Rain slamming on the windows, rolling deep and heavy from the belly of a pitch black cloud. Wind brutalizing the trees, putting them into the side of the house with a rasp and a clatter that is muted by the sturdy walls of my home and muted further still by the still pool that is my concentration. Fingers on the tang of the blade, whispering through the backs of the mushrooms and clicking on the scarred face of my hand-me-down cutting board like a metronome. Tick-tick-tick-tick-tick and I slide them to the side and pull the carrots into my workspace. Quartered and julienned to the tick-tick-tick as the rain falls from that wispy black widow drifting over Tacoma and my fingers dance deftly to stay out from under the blade (been there, done that.)

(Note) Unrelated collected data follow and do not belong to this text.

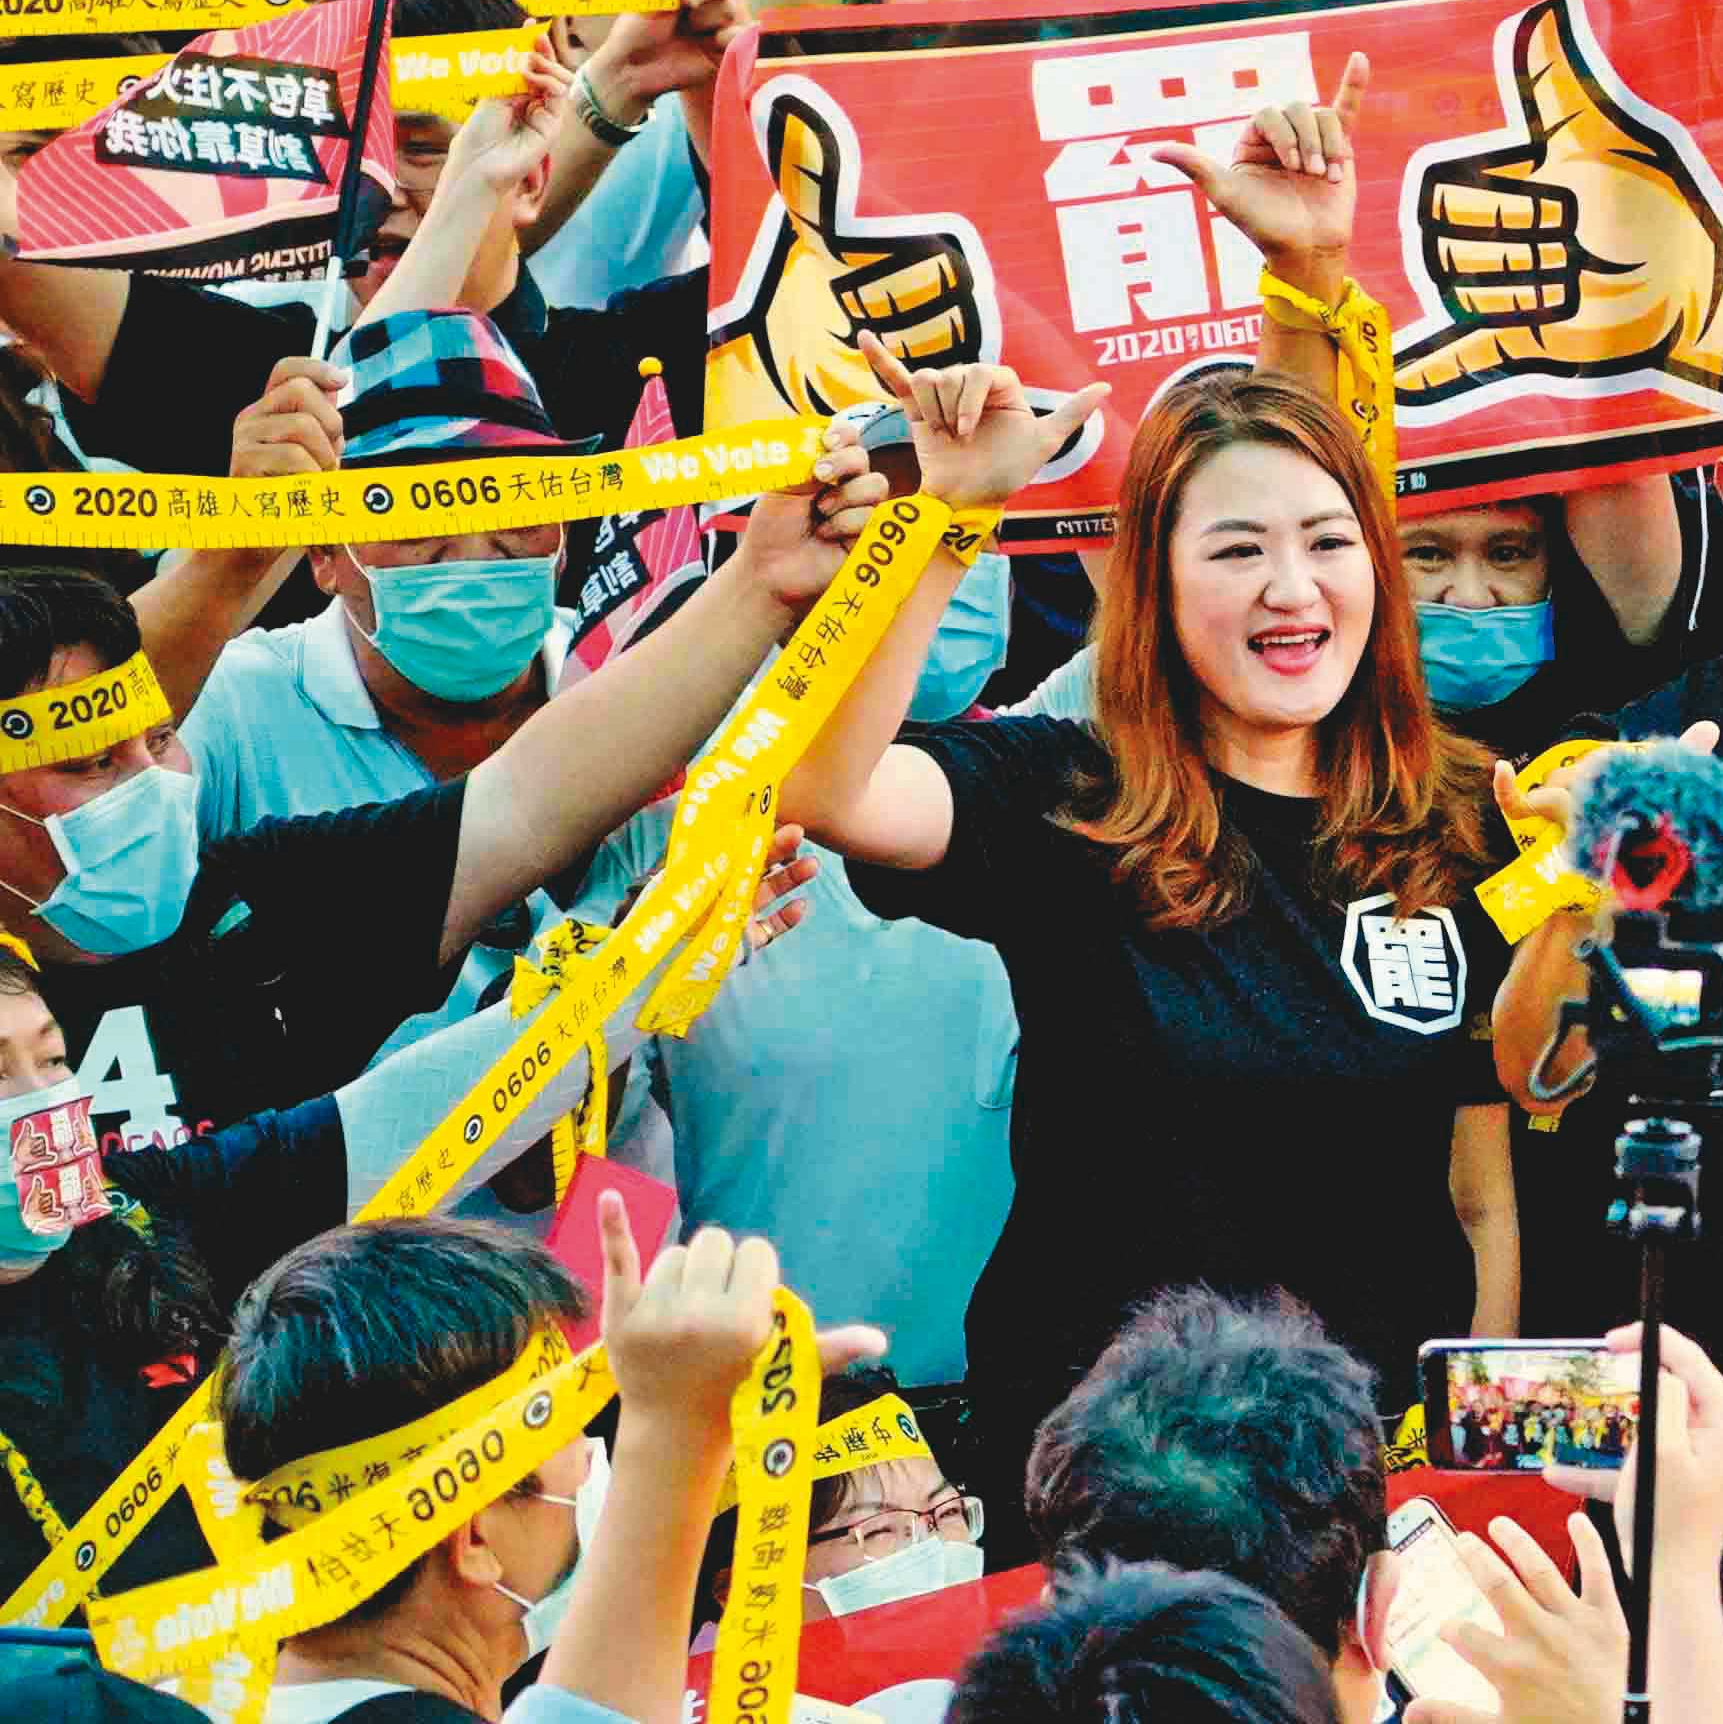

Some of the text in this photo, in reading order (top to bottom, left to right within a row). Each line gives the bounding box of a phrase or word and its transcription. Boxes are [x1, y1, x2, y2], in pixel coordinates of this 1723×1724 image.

[396, 49, 448, 81] We
[1033, 31, 1319, 335] 罷
[74, 441, 791, 520] 2020 高雄人寫歷史 0606 天佑台灣 We Vote
[855, 501, 921, 590] 0606
[48, 681, 129, 731] 2020
[490, 1042, 553, 1117] 0606
[635, 911, 676, 953] We
[75, 1004, 183, 1151] 4
[104, 1464, 165, 1538] 0606

The carrots are done and the smell of broth maturing ushers me away from the cutting board. I leave the un-chopped bok choy grudgingly, peel the lid off the stew pot where the dried shitakes are un-drying in a cloudy, churning broth. The spoonful that I tease out of it is meaty-tasting and laced with onion and garlic bits, but it needs more time, so I lid it again and return to the bok choy, which is just hopping for some chopping. I’ll be wok frying those little sons of bitches in some sesame oil and fish sauce when that’s done. Pinch of Cayenne, little salt and pepper. The pot on the back burner is roaring at me, lid rattling, about to boil over. Spin and kill the heat, ease two eggs down into it and set a timer for exactly 7 minutes, drop the bok choy and the carrots and mushrooms into the wok. The sizzle is apocalyptic. A gunfight in a cymbal factory and I push my veggies around and whisper sweet nothings to them as the storm rages fitfully outside my tranquil home outside my tranquil mind.

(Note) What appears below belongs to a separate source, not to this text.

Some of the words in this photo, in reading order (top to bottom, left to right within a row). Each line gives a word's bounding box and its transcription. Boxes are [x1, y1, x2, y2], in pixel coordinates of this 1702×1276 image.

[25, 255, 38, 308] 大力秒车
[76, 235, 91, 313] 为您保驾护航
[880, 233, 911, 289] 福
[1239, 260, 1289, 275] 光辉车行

Writing about food has become something to me that I hadn’t expected it to be. When I started, food was something that I enjoyed and to which I devoted a little extra time when I was hungry. It was salty or sweet. It was fast or good. But when I sat in front of a keyboard and forced myself to explain food, it blossomed for me. It exploded. I began to treat food the way Buddhist monks treat life, with presence and awareness and love, especially love. It changed everything. It filled the city in which I live with adventure and mystery. Suddenly, Chef’s and cooks held magic in their hands, flung it with a fatalistic gusto onto the tables of people lost in their phones and numb to the wonder steaming in front of them. Suddenly food held secrets. It told stories. And the more I listened to the stories, the more I wanted to learn to tell them myself. The more I wanted to hold the magic.
Which brings me back to my windswept kitchen and the roar of vegetables in a hot wok. The mumble of bubbles through a maturing broth. The smell of sesame oil and salt. Dishes pulling me around the kitchen like a puppet on a string, cut this, season that, peel it, heat it, taste it as my mind hangs weightless in the midst of it all, unmoved by the ringing phone or the falling rain or the driving wind. Present only for the food.
noun UK /ˌmed.ɪˈteɪ.ʃən/ US /ˌmed.əˈteɪ.ʃən/
› the act of giving your attention to only one thing, either as a religious activity or as a way of becoming calm and relaxed:
prayer and meditation
Ive attached some links to some pretty killer homemade ramen recipes. I would suggest slamming a couple of them together, unplugging your internet and getting UP. IN. THERE. Give your noodles a good listenin’ to.